TO DO:
Full transcription, minus images: write out the listing below exactly as it appears.

RECORDS FOR THIS EXERCISE Start Marker

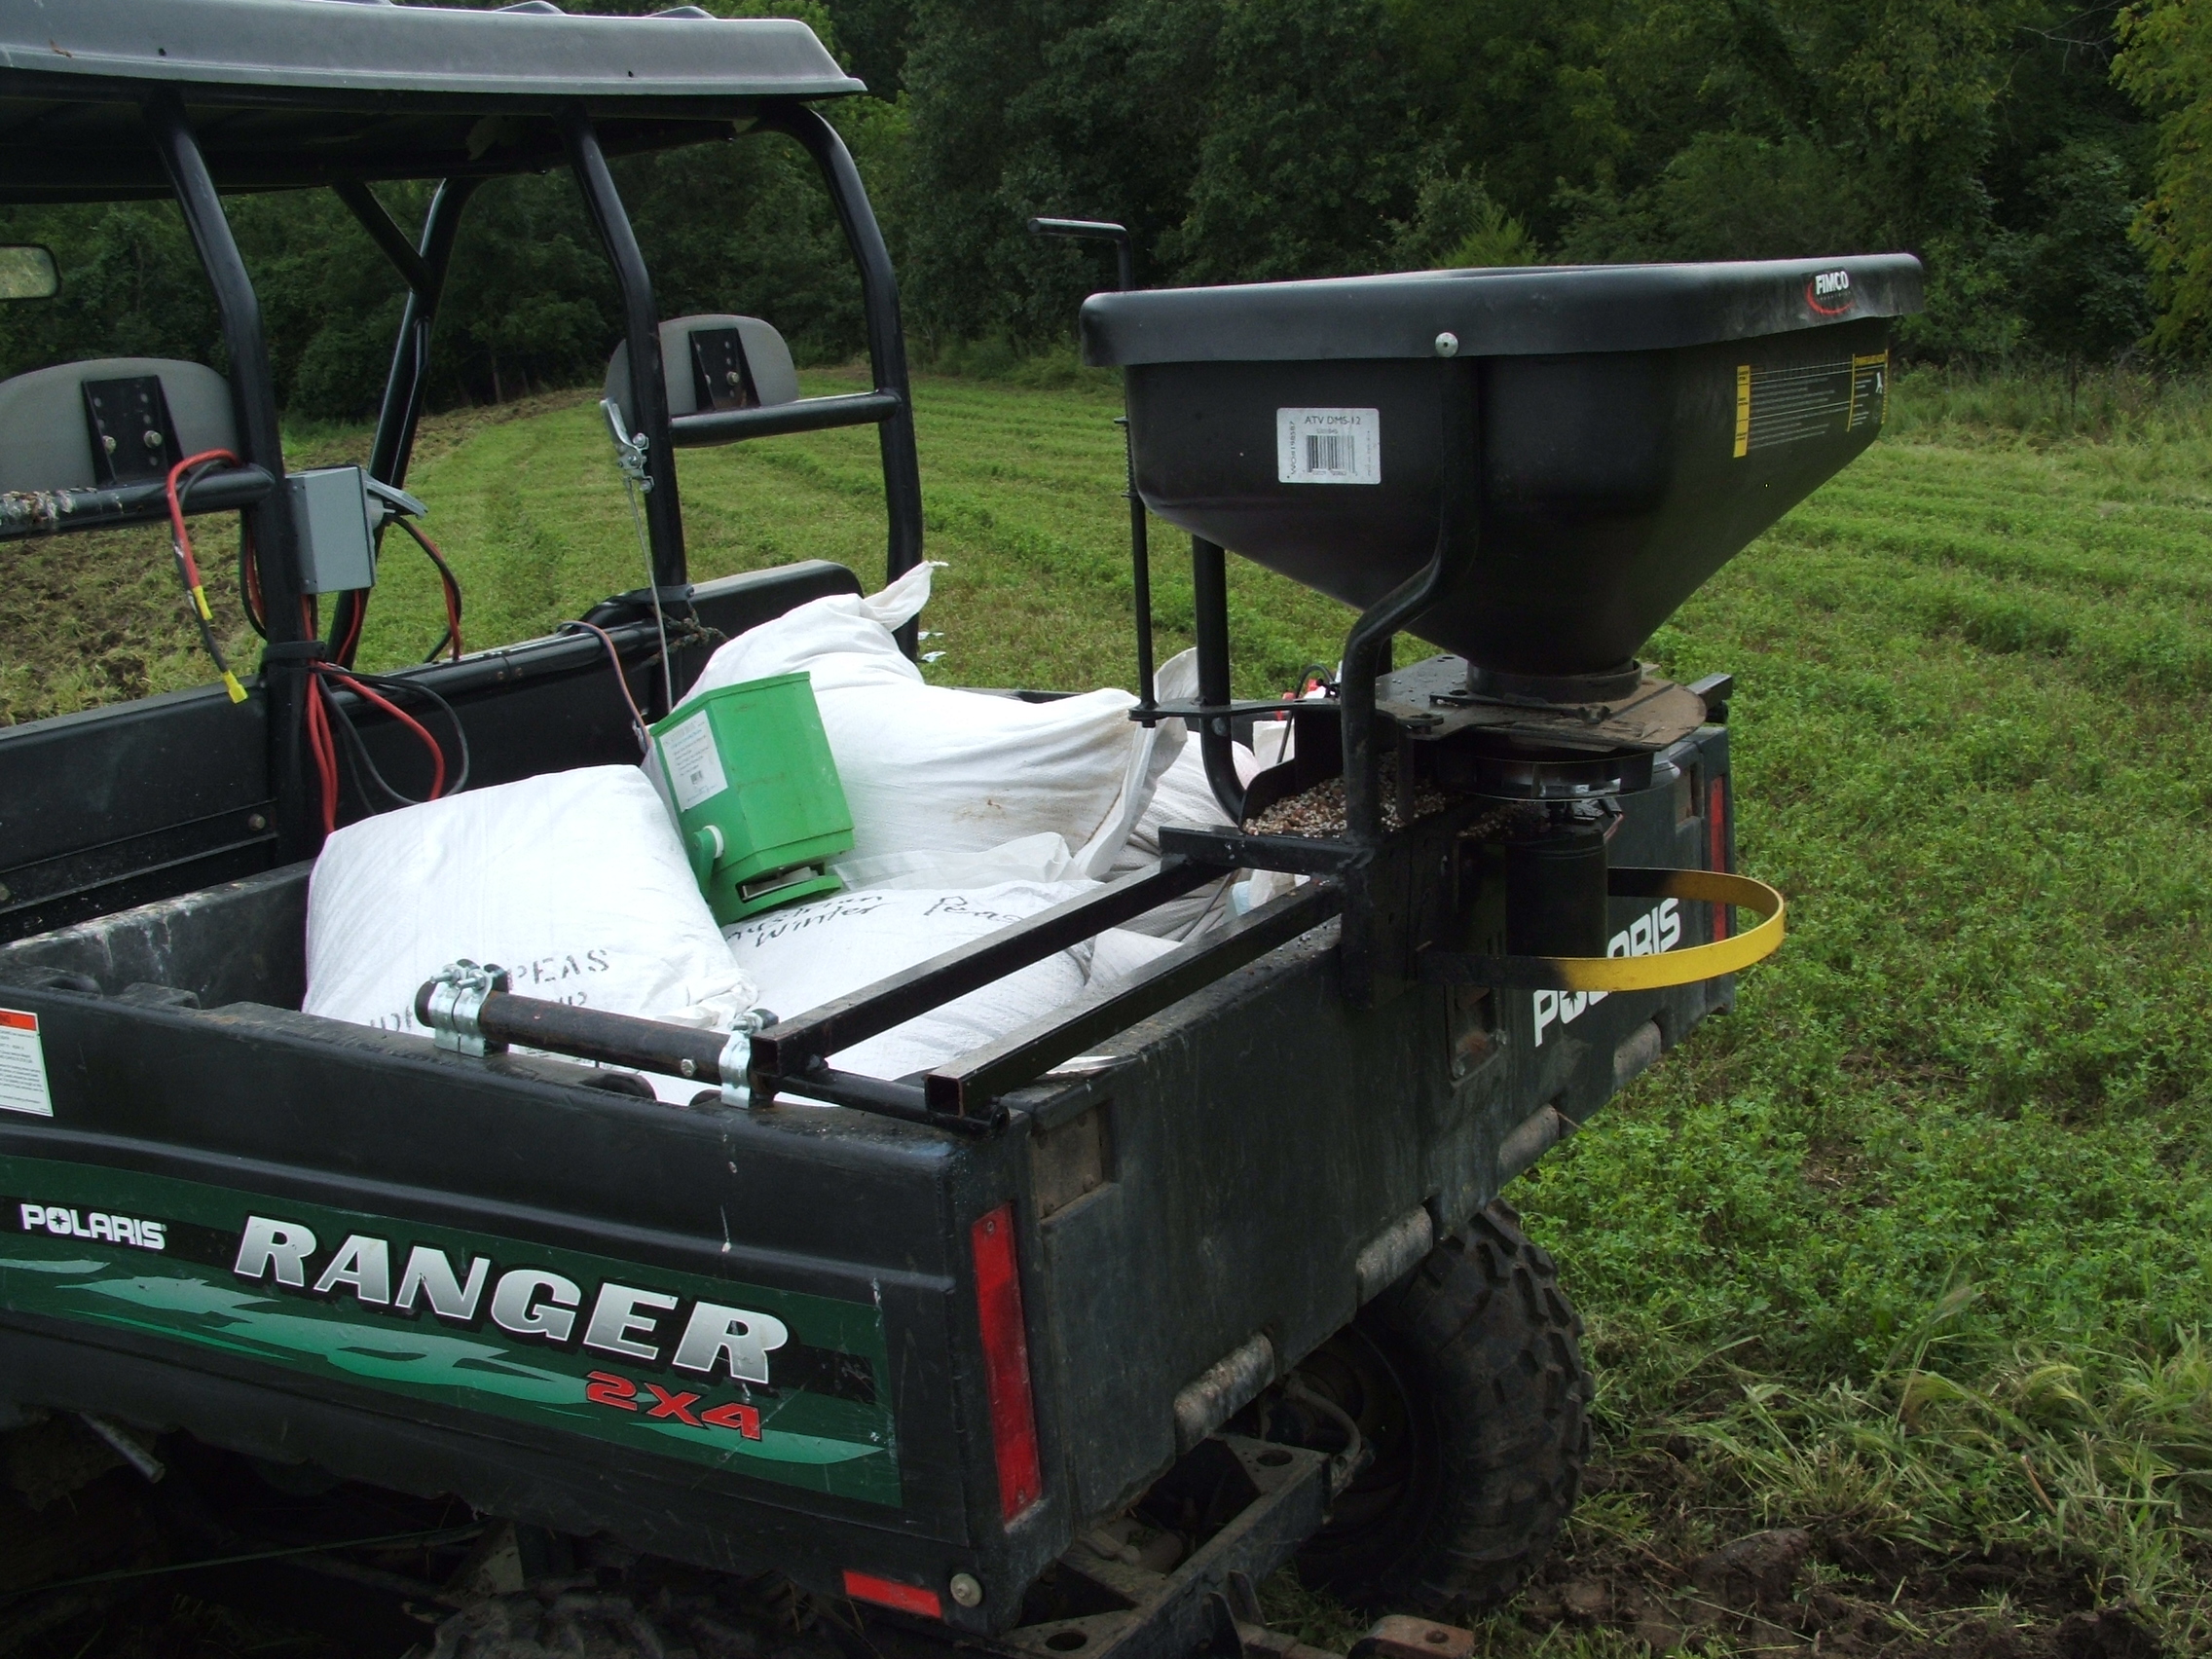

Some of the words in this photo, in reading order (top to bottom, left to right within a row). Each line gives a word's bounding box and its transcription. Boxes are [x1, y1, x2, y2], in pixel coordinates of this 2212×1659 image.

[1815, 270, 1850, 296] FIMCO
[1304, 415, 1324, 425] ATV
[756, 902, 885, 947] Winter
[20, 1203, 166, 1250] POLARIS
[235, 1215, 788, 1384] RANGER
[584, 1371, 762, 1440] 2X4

RECORDS FOR THIS EXERCISE End Marker

EXPECTED OUTPUT:
Some of the words in this photo, in reading order (top to bottom, left to right within a row). Each line gives a word's bounding box and its transcription. Boxes are [x1, y1, x2, y2], in pixel coordinates of this 2212×1659 image.

[1815, 270, 1850, 296] FIMCO
[1304, 415, 1324, 425] ATV
[756, 902, 885, 947] Winter
[20, 1203, 166, 1250] POLARIS
[235, 1215, 788, 1384] RANGER
[584, 1371, 762, 1440] 2X4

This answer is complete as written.